Thoughts... experiences? I really need some encouragement on this.
Thanks!
I can't see so many TIP102's being burnt out from one popbumper being
stuck on. You are saying a constant completed circuit burned them all
up. But that isn't how it works, all they do is complete the ground in
the circuit to drive one solenoid. If one is locked on, then one or
more transistors in that one circuit fry, but that is only a TIP36C,
and TIP102, and a 2N4401, and after that you have IC problems, either
a 74XX or 74LSxxx and after that, a 6809 or 6821 in a worst case
scenario. But not multiple TIP102's, that is multiple "circuits"

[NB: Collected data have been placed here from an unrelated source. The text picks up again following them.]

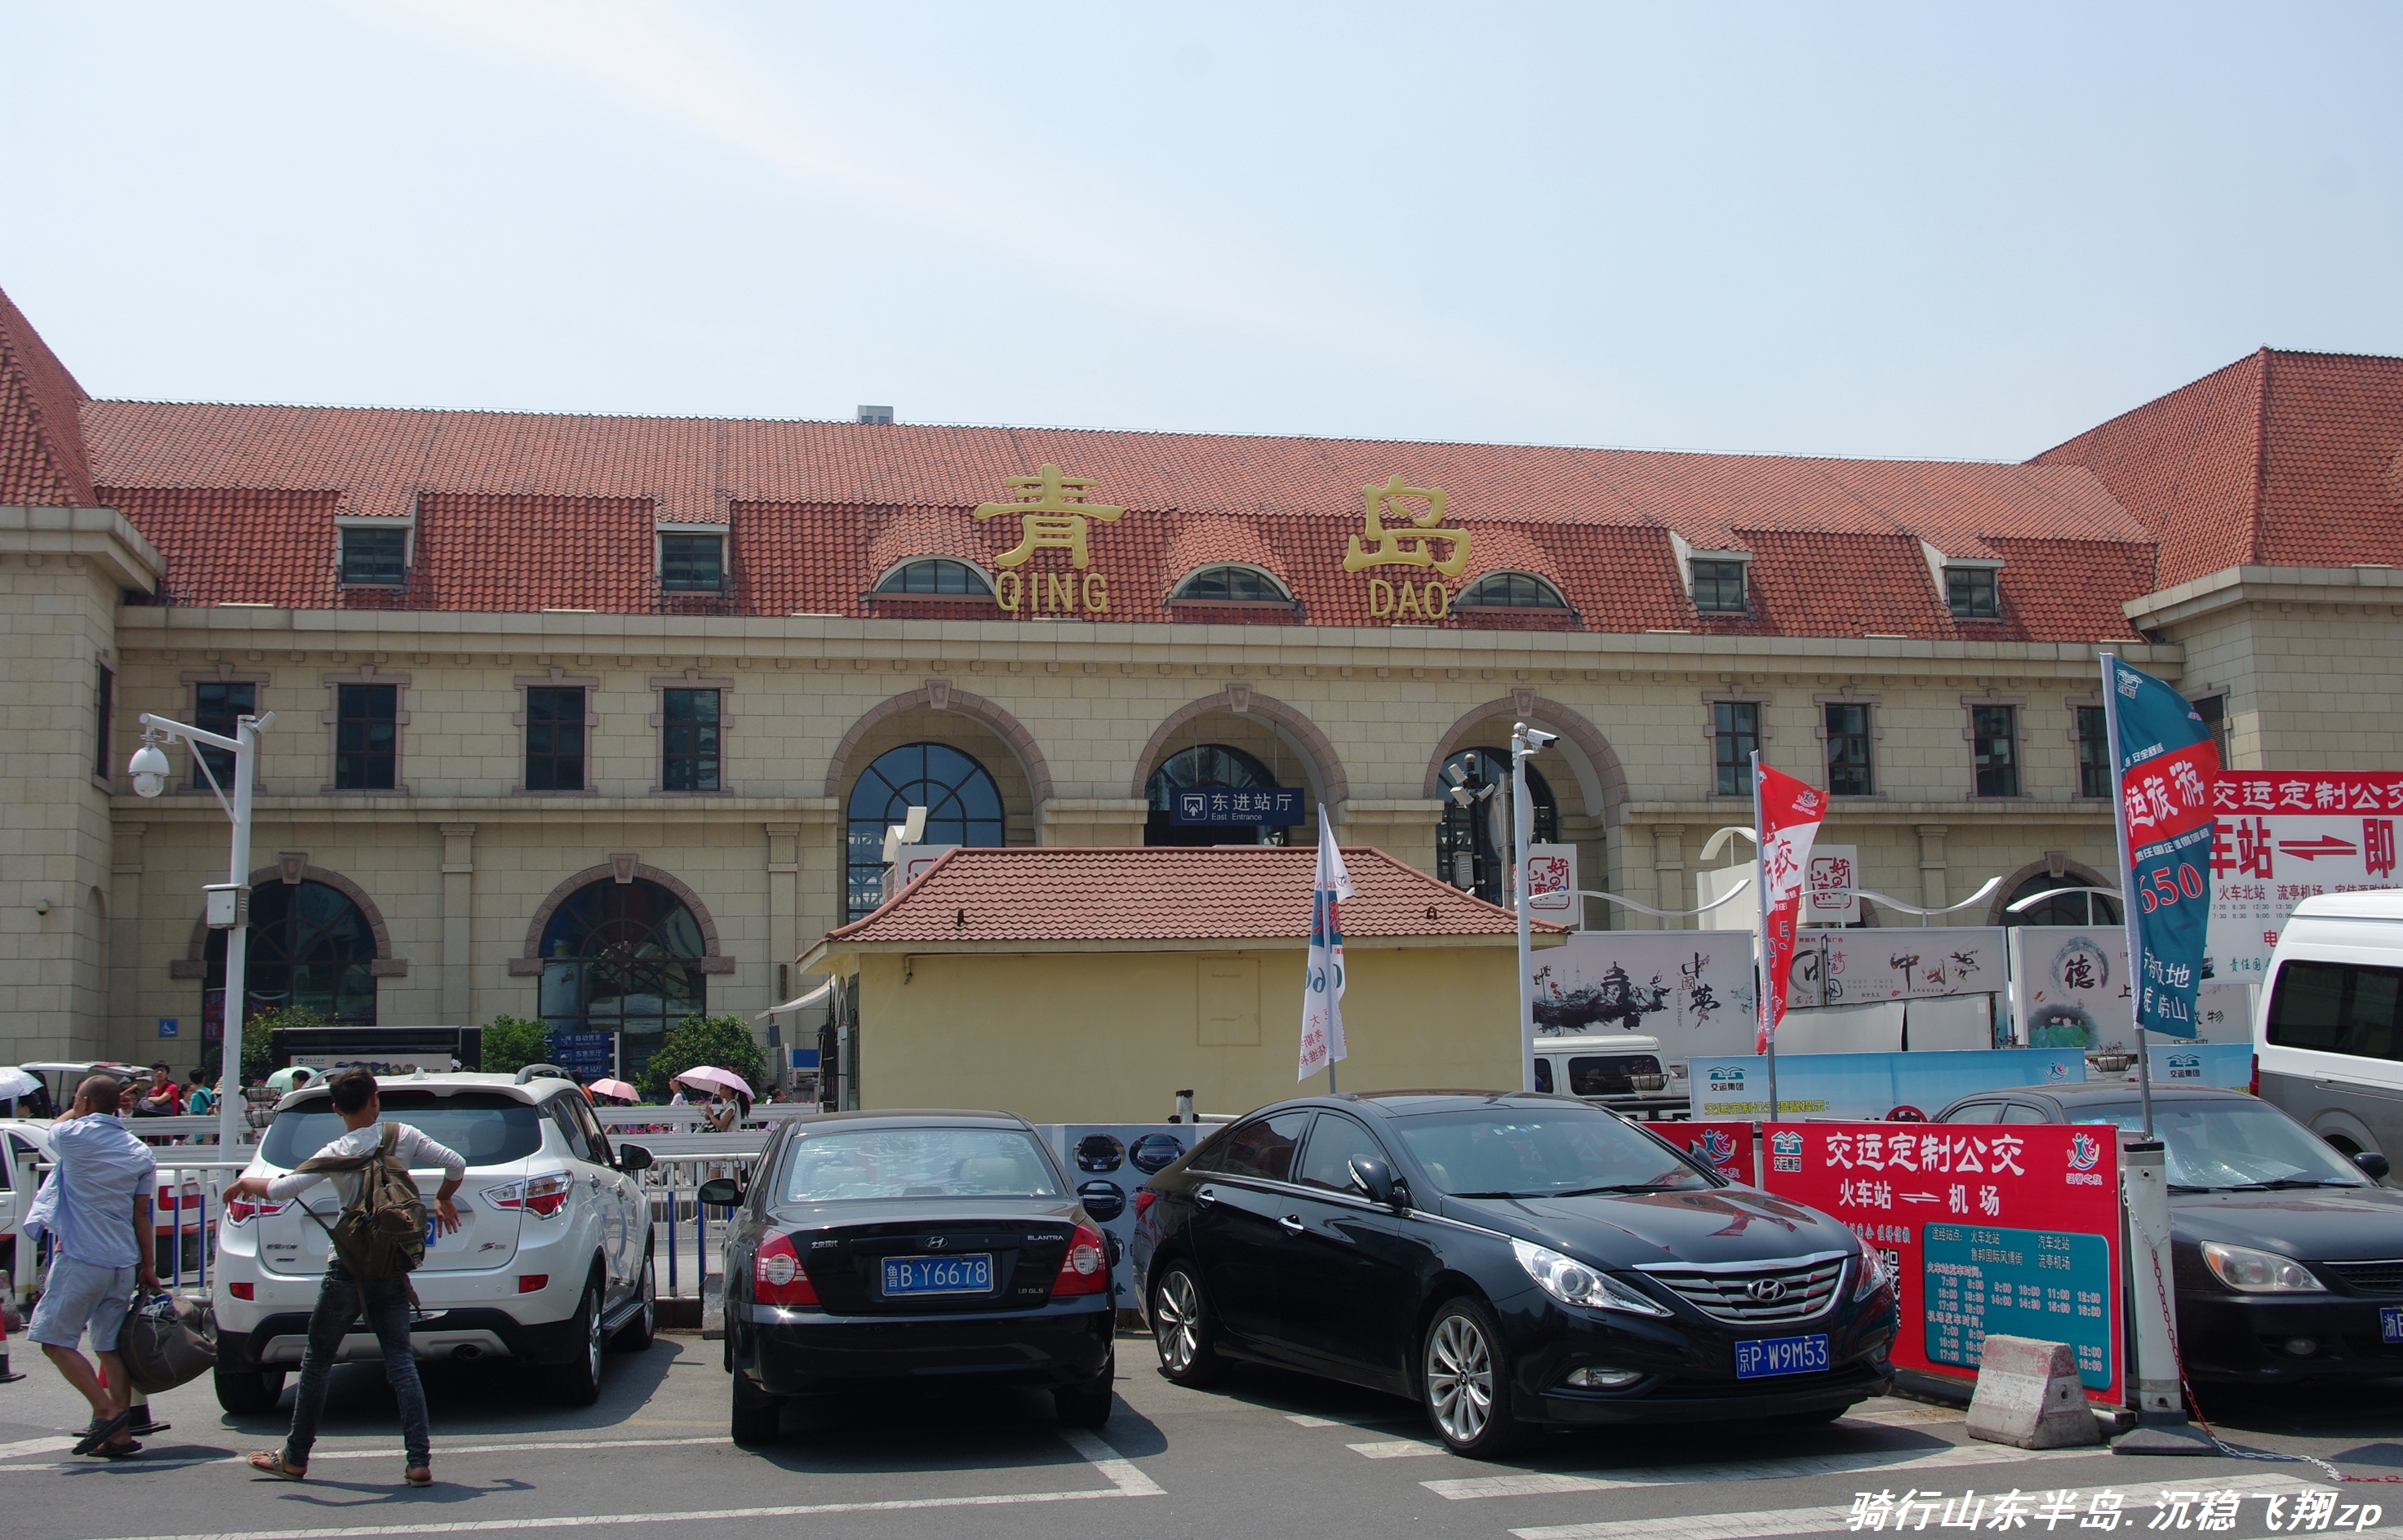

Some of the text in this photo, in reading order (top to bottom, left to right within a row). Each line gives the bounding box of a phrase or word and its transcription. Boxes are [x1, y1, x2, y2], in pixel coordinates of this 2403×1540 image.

[974, 464, 1471, 577] 青 岛
[995, 571, 1448, 619] QING DAO
[1210, 792, 1293, 811] 东进站厅
[2125, 760, 2205, 838] 运旅游
[1211, 813, 1263, 821] East Entrance
[2219, 884, 2266, 901] 火车北站
[2276, 884, 2324, 901] 流亭机场
[2064, 954, 2095, 989] 德
[2170, 1069, 2201, 1078] 交运集团
[1710, 1082, 1744, 1092] 交运集团
[1774, 1156, 1801, 1173] 交运集团
[1825, 1131, 2025, 1176] 交运定制公交
[2066, 1173, 2103, 1186] 温馨之旅
[1839, 1178, 2001, 1217] 火车站 机场
[811, 1240, 839, 1249] 北京现代
[1970, 1229, 2001, 1245] 火车北站
[2037, 1235, 2071, 1251] 汽车北站
[1970, 1247, 2071, 1271] 鲁邦国际风情街 流亭机场
[1941, 1276, 2101, 1304] 7:00 8:00 9:00 10:00 11:00 12:00
[1938, 1288, 2101, 1318] 13:00 13:30 14:00 14:30 15:00 16:00
[1938, 1300, 1985, 1315] 17:00 18:00
[1942, 1325, 1985, 1341] 7:00 8:00
[1939, 1337, 1959, 1349] 13:00
[2078, 1345, 2103, 1359] 12:00
[1939, 1349, 1959, 1361] 17:00
[2079, 1358, 2103, 1372] 16:00
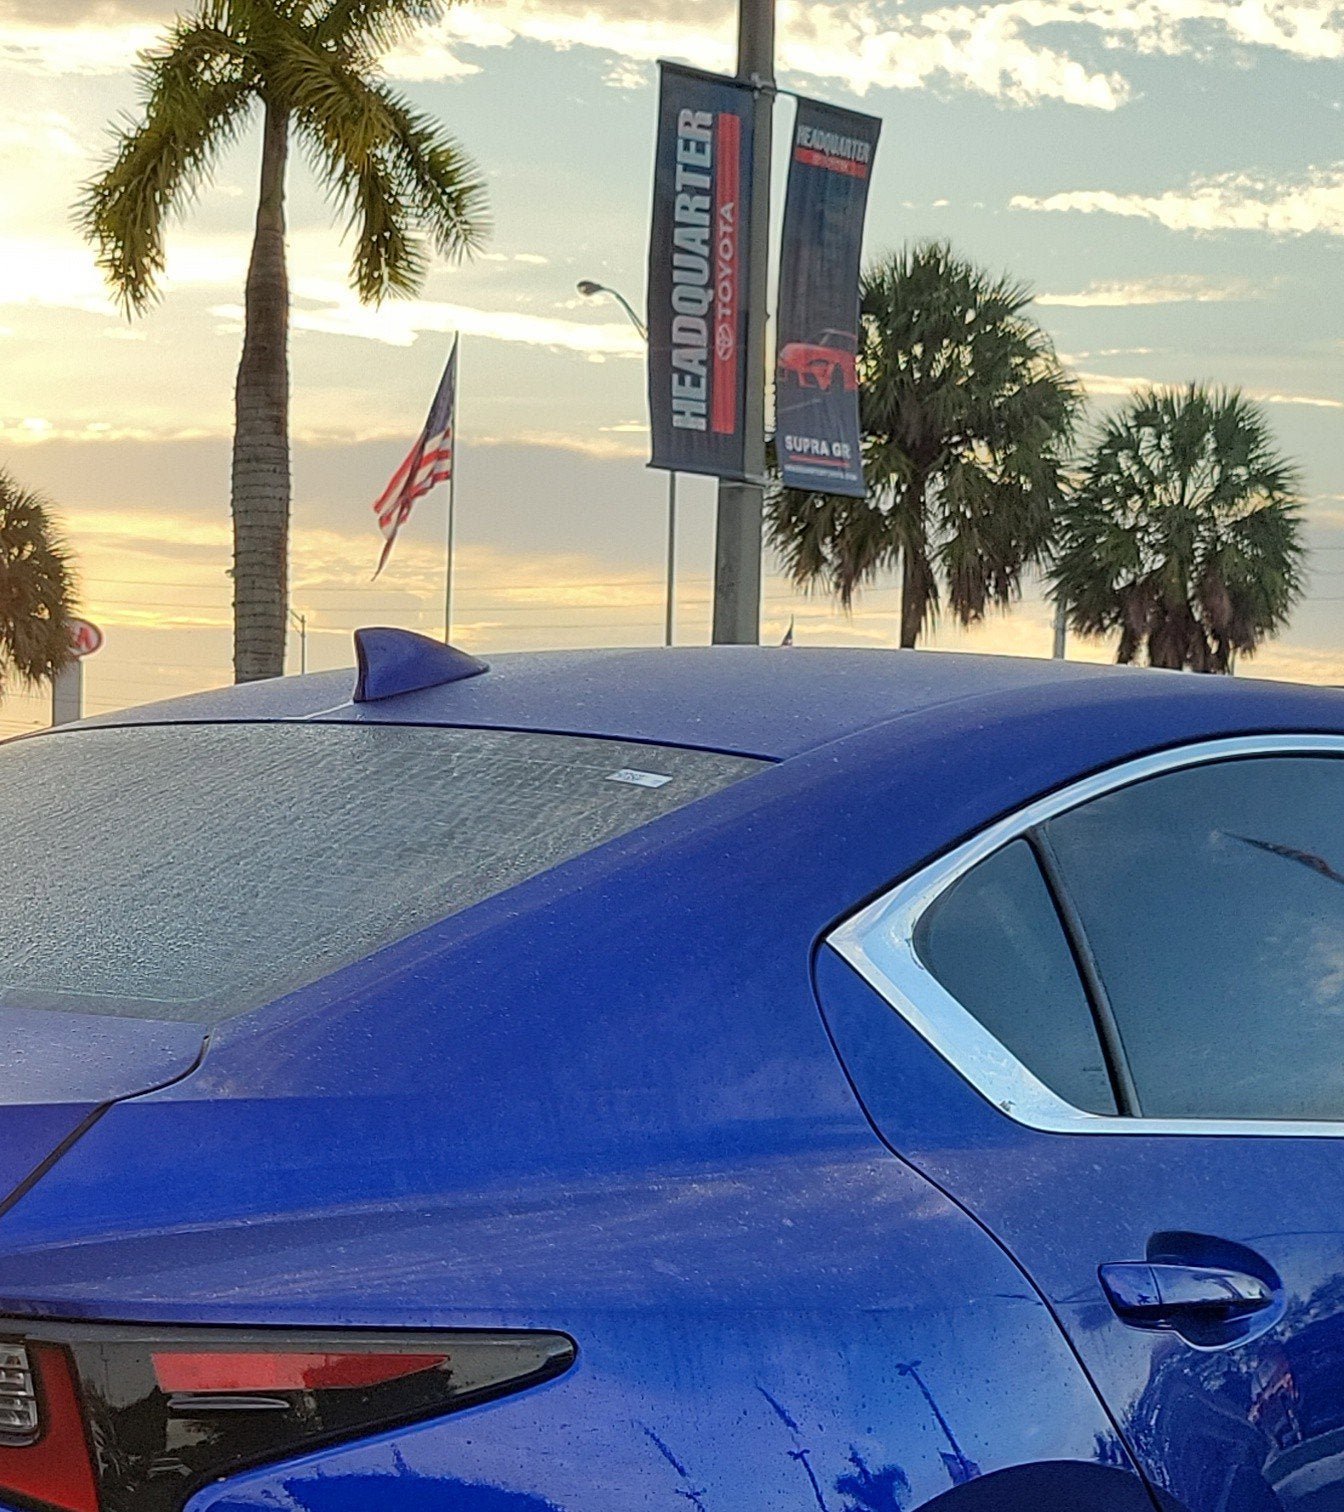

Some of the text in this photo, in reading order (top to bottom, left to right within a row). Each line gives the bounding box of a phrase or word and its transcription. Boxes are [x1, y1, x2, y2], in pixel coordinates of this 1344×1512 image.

[671, 108, 714, 431] HEADQUARTER
[718, 201, 735, 318] TOYOTA
[784, 435, 851, 460] SUPRA GR

frying. Are you sure you are testing them properly? Did any of them
cook badly enough to cause burn marks or burn the solder pads off? But
no matter, it's not nearly as bad as you think, certainly not bad
enough to consider buying a new board. Unless you have absolutely no
soldering skills at all, and even then you can get it fixed. But I
hope you ordered the predriver transistors as well, what are they,
4401's or 5401's? And it's very likely that you will need to replace a
74LS374 as well, so you had better get that and a socket. I recommend
you order this stuff from GPE, because Ed is usually the cheapest and
quickest, but get it from whoever you want. Also, there's no such
thing as a silent popbumper - when you turn the game on and it locks
on, unless you are completely unaware of what going on with your game
you should notice it. And if it's a WPC game it will give you an error
report. So there's no excuse there if you ignored that. But you need
to isolate the issue, replace any bad transistors, and if that doesn't
solve it work your way backward through the chain to the IC's that
drive them and replace them as well.
J.
.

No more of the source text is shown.